## Problem to work on
The entries below are to be returned as written, with all pictures dropped.

------------------------------

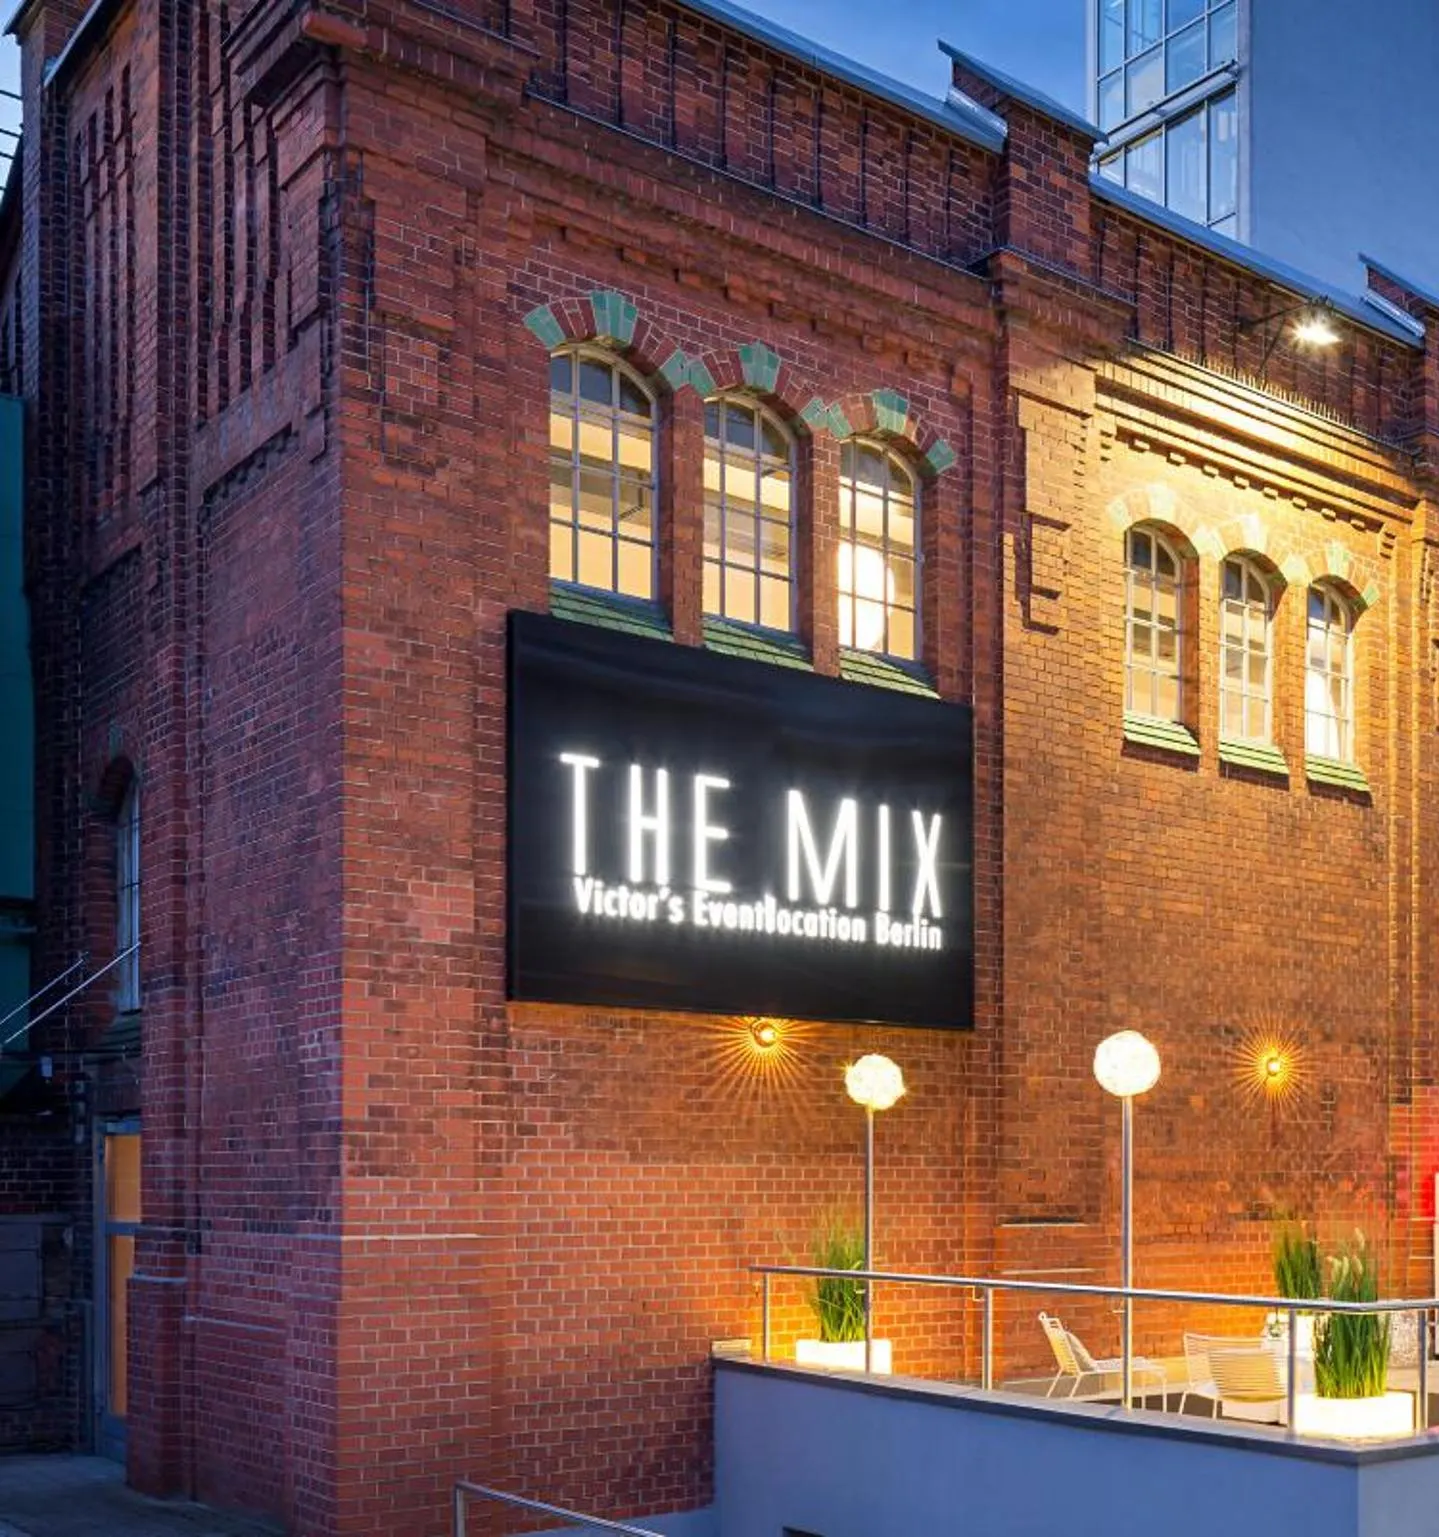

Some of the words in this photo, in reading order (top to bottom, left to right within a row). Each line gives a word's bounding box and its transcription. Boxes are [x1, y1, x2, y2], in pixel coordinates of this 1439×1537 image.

[559, 751, 731, 894] THE
[787, 788, 943, 919] MIX
[573, 875, 685, 925] Victor's
[693, 889, 867, 943] Eventlocation
[875, 909, 942, 950] Berlin

------------------------------

## Task response
Some of the words in this photo, in reading order (top to bottom, left to right within a row). Each line gives a word's bounding box and its transcription. Boxes are [x1, y1, x2, y2], in pixel coordinates of this 1439×1537 image.

[559, 751, 731, 894] THE
[787, 788, 943, 919] MIX
[573, 875, 685, 925] Victor's
[693, 889, 867, 943] Eventlocation
[875, 909, 942, 950] Berlin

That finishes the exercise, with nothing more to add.